■ Prompt:
Your answer must repeat the full listing, line for line.

■ Dataset records:

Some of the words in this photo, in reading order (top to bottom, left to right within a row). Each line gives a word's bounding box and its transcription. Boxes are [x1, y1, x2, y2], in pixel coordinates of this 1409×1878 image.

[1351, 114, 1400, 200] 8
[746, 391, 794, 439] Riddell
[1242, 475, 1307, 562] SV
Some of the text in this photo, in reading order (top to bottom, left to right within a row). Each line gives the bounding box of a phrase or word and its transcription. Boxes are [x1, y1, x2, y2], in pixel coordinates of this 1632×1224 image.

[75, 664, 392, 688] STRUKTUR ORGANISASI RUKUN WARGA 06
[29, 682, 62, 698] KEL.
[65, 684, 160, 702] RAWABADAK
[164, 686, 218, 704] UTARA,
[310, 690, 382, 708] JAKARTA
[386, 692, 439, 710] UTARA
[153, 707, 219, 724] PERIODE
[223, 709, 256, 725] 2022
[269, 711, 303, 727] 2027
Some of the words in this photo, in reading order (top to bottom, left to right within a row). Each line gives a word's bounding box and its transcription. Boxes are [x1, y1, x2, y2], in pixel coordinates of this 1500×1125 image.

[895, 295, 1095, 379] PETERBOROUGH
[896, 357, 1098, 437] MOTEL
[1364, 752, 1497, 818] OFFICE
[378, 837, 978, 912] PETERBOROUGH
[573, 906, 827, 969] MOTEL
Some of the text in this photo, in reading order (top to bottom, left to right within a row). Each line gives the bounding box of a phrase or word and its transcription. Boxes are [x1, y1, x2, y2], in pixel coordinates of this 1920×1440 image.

■ Exercise output:
Some of the words in this photo, in reading order (top to bottom, left to right within a row). Each line gives a word's bounding box and its transcription. Boxes are [x1, y1, x2, y2], in pixel coordinates of this 1409×1878 image.

[1351, 114, 1400, 200] 8
[746, 391, 794, 439] Riddell
[1242, 475, 1307, 562] SV
Some of the text in this photo, in reading order (top to bottom, left to right within a row). Each line gives the bounding box of a phrase or word and its transcription. Boxes are [x1, y1, x2, y2], in pixel coordinates of this 1632×1224 image.

[75, 664, 392, 688] STRUKTUR ORGANISASI RUKUN WARGA 06
[29, 682, 62, 698] KEL.
[65, 684, 160, 702] RAWABADAK
[164, 686, 218, 704] UTARA,
[310, 690, 382, 708] JAKARTA
[386, 692, 439, 710] UTARA
[153, 707, 219, 724] PERIODE
[223, 709, 256, 725] 2022
[269, 711, 303, 727] 2027
Some of the words in this photo, in reading order (top to bottom, left to right within a row). Each line gives a word's bounding box and its transcription. Boxes are [x1, y1, x2, y2], in pixel coordinates of this 1500×1125 image.

[895, 295, 1095, 379] PETERBOROUGH
[896, 357, 1098, 437] MOTEL
[1364, 752, 1497, 818] OFFICE
[378, 837, 978, 912] PETERBOROUGH
[573, 906, 827, 969] MOTEL
Some of the text in this photo, in reading order (top to bottom, left to right within a row). Each line gives the bounding box of a phrase or word and its transcription. Boxes are [x1, y1, x2, y2], in pixel coordinates of this 1920×1440 image.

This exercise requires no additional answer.